Problem statement
Make an exact copy of the entries, taking out every picture.

Data shown
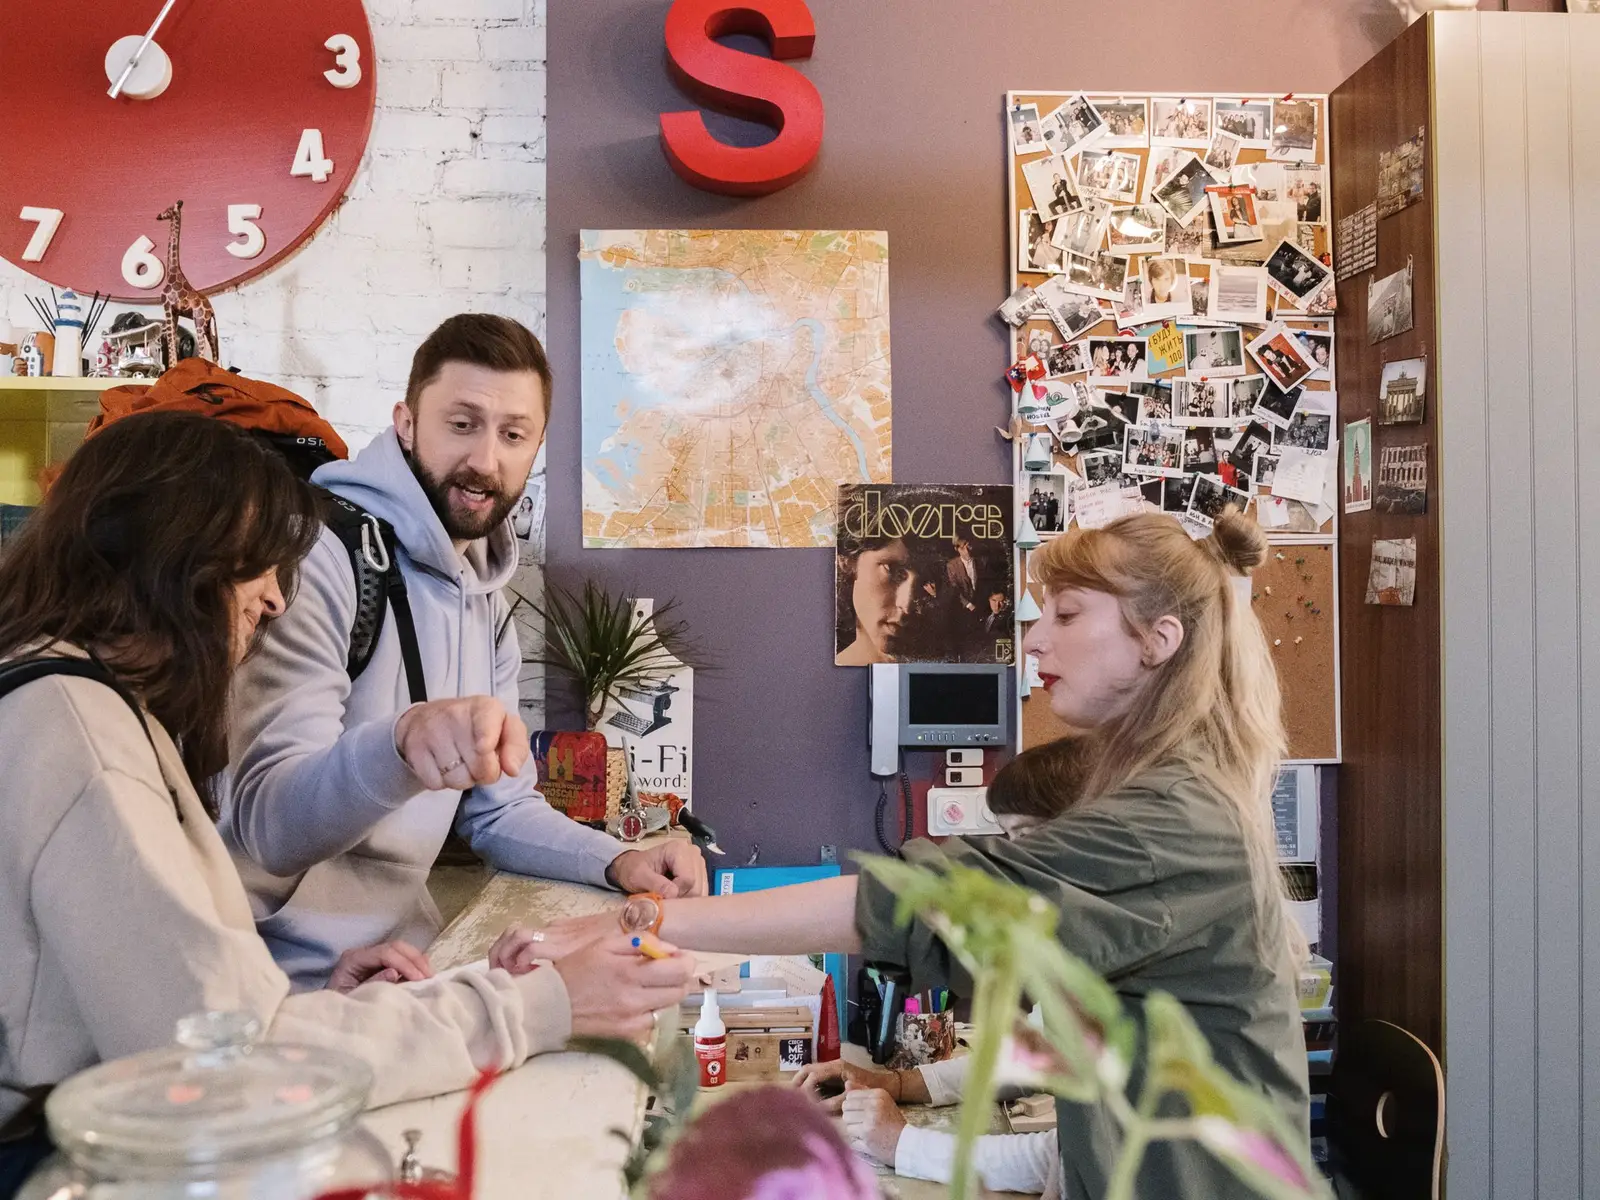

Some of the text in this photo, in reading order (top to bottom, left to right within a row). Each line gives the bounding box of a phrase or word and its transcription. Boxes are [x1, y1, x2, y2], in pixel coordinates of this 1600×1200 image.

[323, 33, 362, 89] 3
[660, 0, 824, 197] S
[290, 128, 334, 183] 4
[19, 206, 64, 262] 7
[225, 204, 266, 259] 5
[121, 235, 165, 289] 6
[1159, 335, 1184, 356] ЖИТЬ
[629, 745, 687, 773] i-Fi
[637, 774, 687, 788] word:
[788, 1044, 804, 1054] ME
[788, 1053, 804, 1061] OUT

Answer below
Some of the text in this photo, in reading order (top to bottom, left to right within a row). Each line gives the bounding box of a phrase or word and its transcription. Boxes are [x1, y1, x2, y2], in pixel coordinates of this 1600×1200 image.

[323, 33, 362, 89] 3
[660, 0, 824, 197] S
[290, 128, 334, 183] 4
[19, 206, 64, 262] 7
[225, 204, 266, 259] 5
[121, 235, 165, 289] 6
[1159, 335, 1184, 356] ЖИТЬ
[629, 745, 687, 773] i-Fi
[637, 774, 687, 788] word:
[788, 1044, 804, 1054] ME
[788, 1053, 804, 1061] OUT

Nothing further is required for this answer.